Chugai Pharmaceutical Co., Ltd. announced that the humanized anti-human IL-6 (interleukin-6) receptor monoclonal antibody, tocilizumab (genetical recombination) injection under the trade name Actemra 200 for intravenous infusion for the treatment of Castleman's disease, was launched.
''Actemra'' is a humanized monoclonal antibody co-developed by Osaka University and Chugai utilizing genetic recombinant technology. In order to meet the medical needs such as the development of new therapies targeting more specific disease process, Chugai completed the clinical development in a short period after receiving the orphan drug designation for Castlemen's disease in December 2000.
The NDA for Castleman's disease was filed in April 2003 and was approved on April 11, 2005 as the first monoclonal antibody drug manufactured in Japan. The price was listed on the National Health Insurance reimbursement price list on June 3, 2005. The price was set at 59,879 yen per vial, a Chugai Pharmaceutical release said.

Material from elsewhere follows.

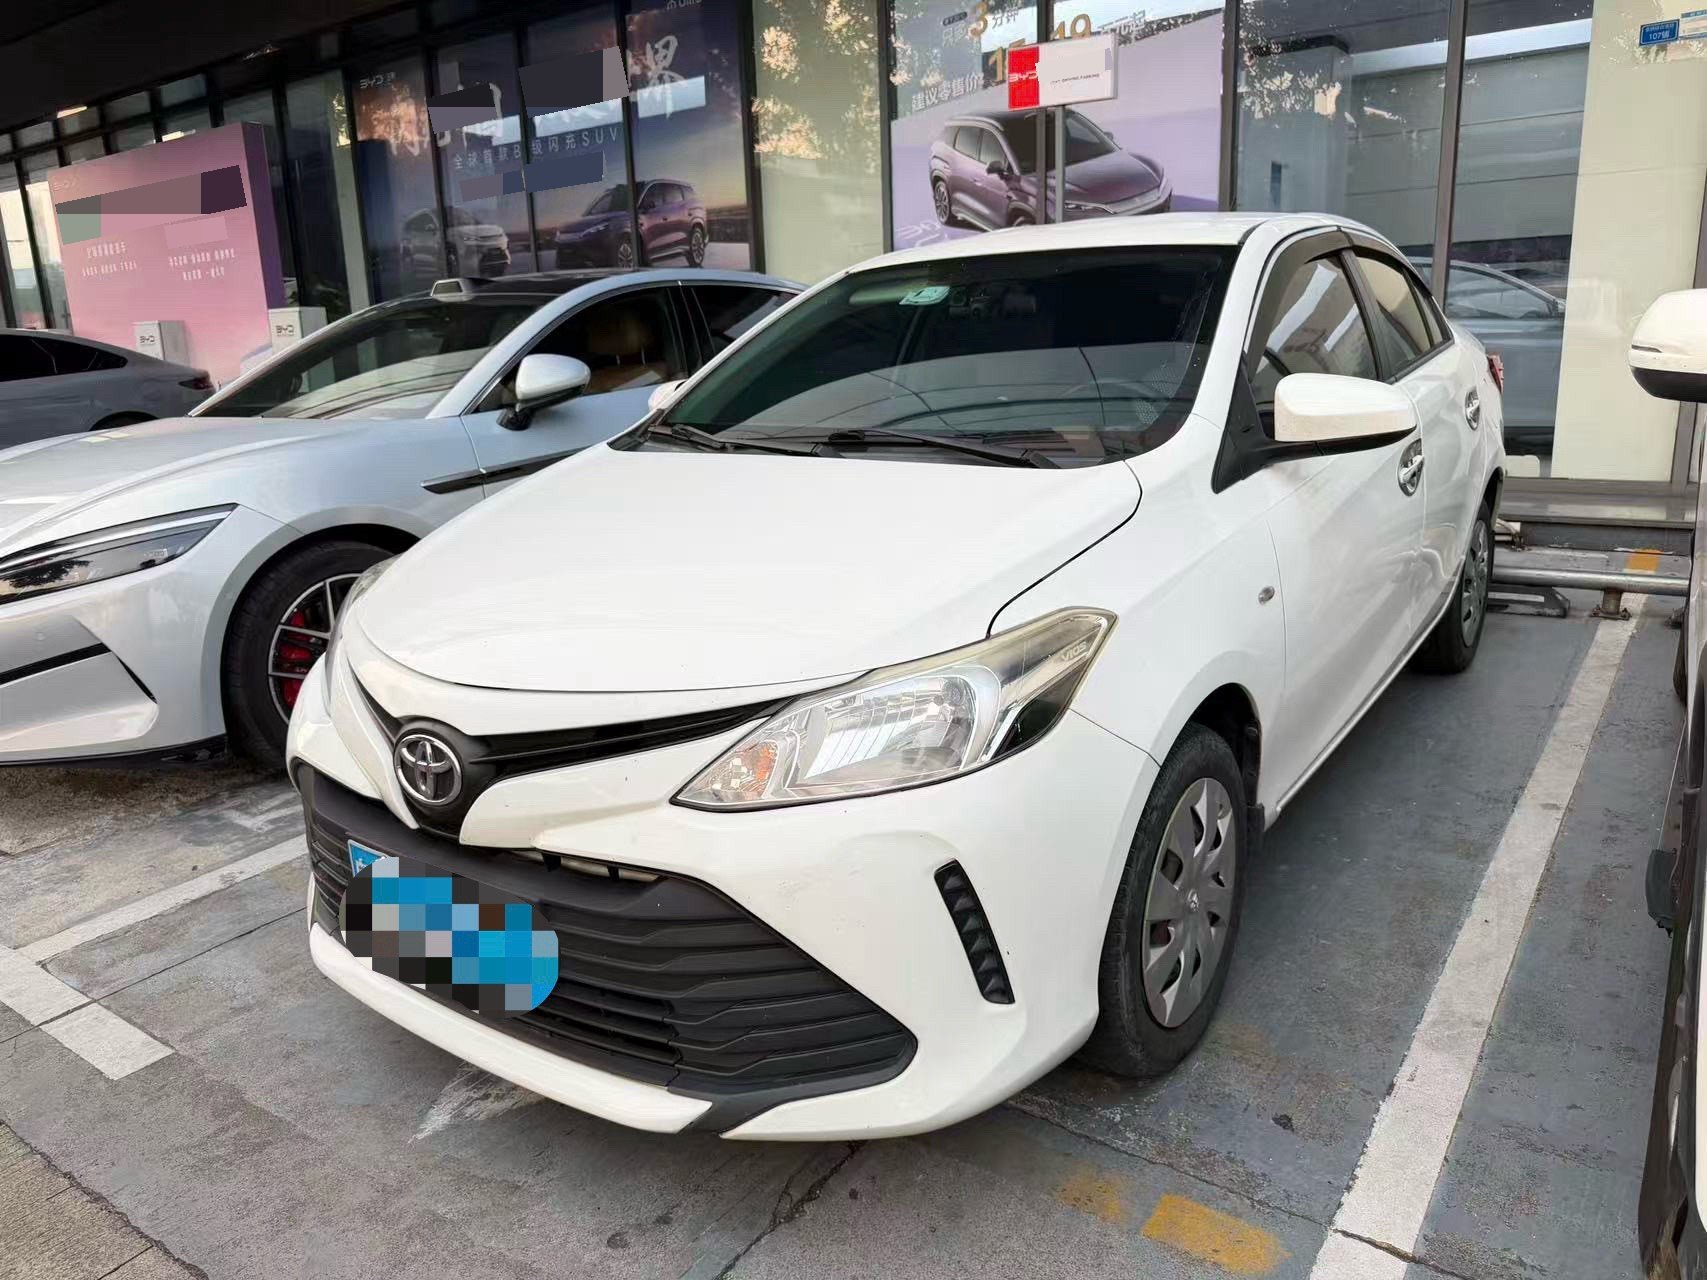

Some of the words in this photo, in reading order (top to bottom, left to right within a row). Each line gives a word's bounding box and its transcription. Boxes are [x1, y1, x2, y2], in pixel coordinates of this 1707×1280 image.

[1008, 70, 1038, 83] BYD
[275, 324, 294, 334] BYD
[139, 335, 155, 344] BYD
[1062, 641, 1087, 661] VIOS

''Actemra'' is the world's first drug approved for Castleman's disease. Chugai estimates that approximately 1,500 patients are diagnosed as Castleman's disease in Japan. It is further estimated that among these patients, over 100 patients who cannot be treated by surgery and show resistance to traditional therapies are subject to Actemara treatment.

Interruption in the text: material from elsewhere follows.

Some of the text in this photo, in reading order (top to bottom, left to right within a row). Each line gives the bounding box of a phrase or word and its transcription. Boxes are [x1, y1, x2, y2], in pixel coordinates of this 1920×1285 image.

Castleman's disease was first reported by Dr Benjamin Castleman (MD) in 1956 and is a very rare lymphoproliferative disease characterized by symptoms such as systemic lymphadenopathy, fever, general fatigue, weight loss, anaemia, splenomegaly, hepatomegaly, and various abnormal laboratory test values. Conditions such as amyloidosis, haemolytic anaemia, or interstitial pneumonia have been reported as complications of the disease.
The pathology and symptoms of Castleman's disease result from the excessive production of IL-6. ''Actemra'' has been proved through clinical trial to improve the symptoms and abnormal laboratory test values by suppressing the biological activity of IL-6.
Thirty five patients with Castleman's disease received 8 mg/kg of ''Actemra'' eight times in total with two-week intervals in the phase II study, which resulted in significant improvements in inflammation markers (increased C reactive protein, increased fibrinogen, increased erythrocyte sedimentation rate), general malaise, anaemia, and hypoalbuminemia. In the subsequent long-term extension study (treatment period: maximum 1,568 days, average 1,191 days) the therapeutic effect such as improvement of the inflammation markers was maintained with good tolerability.
The major adverse events were nasopharyngitis (88.6 per cent); skin rash (48.6 per cent); abdominal pain (31.4 per cent); itching (28.6 per cent); and neutropenia (25.7 per cent).
As the condition for approval all patients treated with ''Actemra'' will be required to be monitored for efficacy and safety.